Contrary to some previous reports, this study did not find significant differences in lipid metabolism indicators between patients with and without DPN. This discrepancy may be attributable to differences in sample characteristics or study design.29,31 Nevertheless, the influence of lipid dysregulation on nerve integrity—through mechanisms such as altered membrane structure and heightened inflammatory activity—remains biologically plausible and warrants continued investigation.31
In this study, the combined diagnostic model using EMG and clinical pathological parameters demonstrated significantly superior performance compared to either method alone, as evidenced by the area under the AUC. This result suggests a synergistic effect that enhances both sensitivity and specificity in diagnosing DPN. By incorporating electrophysiological findings and systemic metabolic indicators, clinicians can achieve a more comprehensive evaluation of neuropathic risk in patients with T2DM. Furthermore, this multidimensional diagnostic approach is feasible in clinical settings and could be integrated into standard diabetes management protocols to improve early screening efforts, enabling the early identification of high-risk DPN patients and timely intervention. By establishing an appropriate “high-risk” cutoff value, clinicians can better identify high-risk patients in practice and tailor individualized treatment plans. Although this study did not directly compare the combined diagnostic model with existing diagnostic standards, such as TCNS or mTCNS, based on the results of this study, the model may potentially serve as an auxiliary tool to be used in conjunction with current standards in the future to further enhance the diagnostic accuracy of DPN.
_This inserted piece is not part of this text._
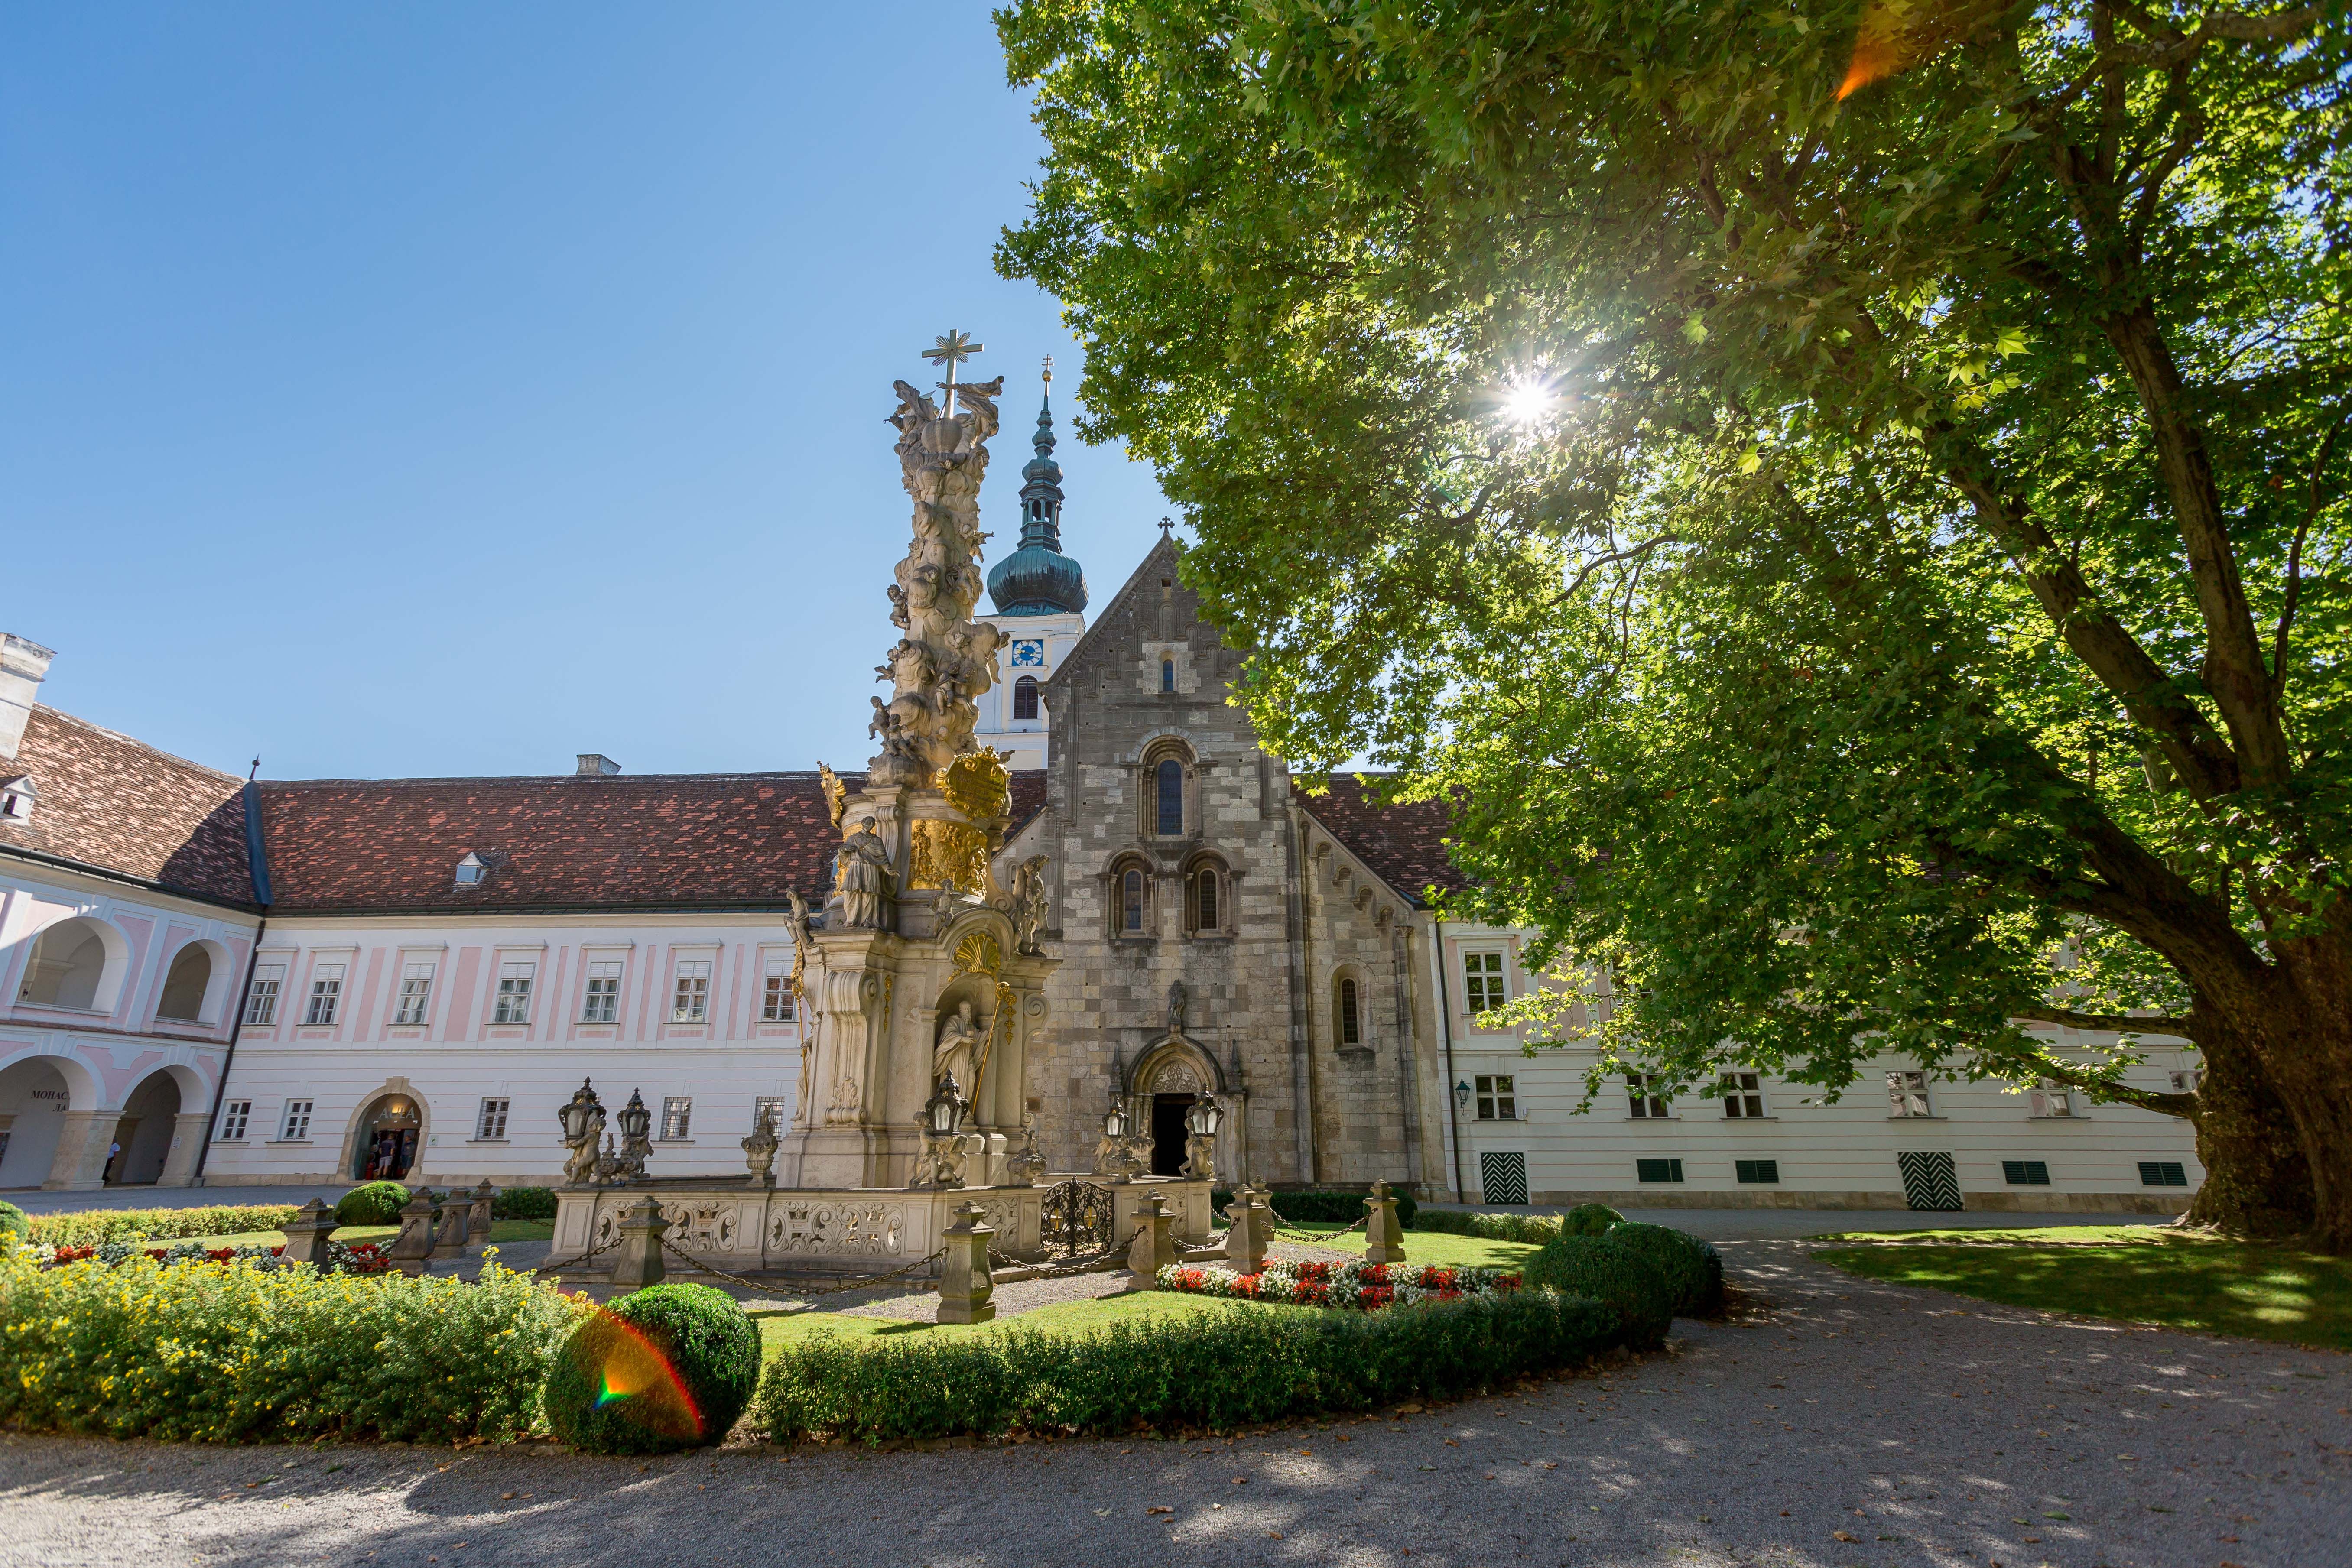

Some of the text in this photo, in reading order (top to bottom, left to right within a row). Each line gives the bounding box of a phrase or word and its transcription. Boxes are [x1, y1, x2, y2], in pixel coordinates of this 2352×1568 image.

[31, 1091, 70, 1099] МОНАС
[52, 1104, 69, 1112] ЛА
[378, 1107, 415, 1119] AULA
Despite its strengths, this study has several limitations. It was a single-center retrospective analysis with a relatively small sample size, which may limit the generalizability of the findings. Prospective, multi-center studies with larger cohorts are necessary to validate the broader applicability of the combined diagnostic model. Additionally, this study focused on a limited set of EMG and laboratory indicators, without incorporating emerging biomarkers such as inflammatory cytokines or advanced imaging techniques. Future research should explore a broader range of diagnostic tools to improve the precision of DPN screening. Furthermore, although the combined diagnostic approach shows promise, its cost-effectiveness and long-term clinical benefits should be evaluated in real-world settings to guide implementation in diverse healthcare environments.
In summary, this study provides preliminary evidence for the potential value of combining EMG with clinical pathological parameters—particularly HbA1c, Cys-C, UA, and Cr—in the early diagnosis of DPN. This integrated approach offers a more comprehensive assessment of neuropathic risk in DM patients and may support more timely and targeted interventions. With further validation, such diagnostic strategies may improve the clinical management and prognosis of individuals with or at risk for DPN.
Disclosure
The authors report no conflicts of interest in this work.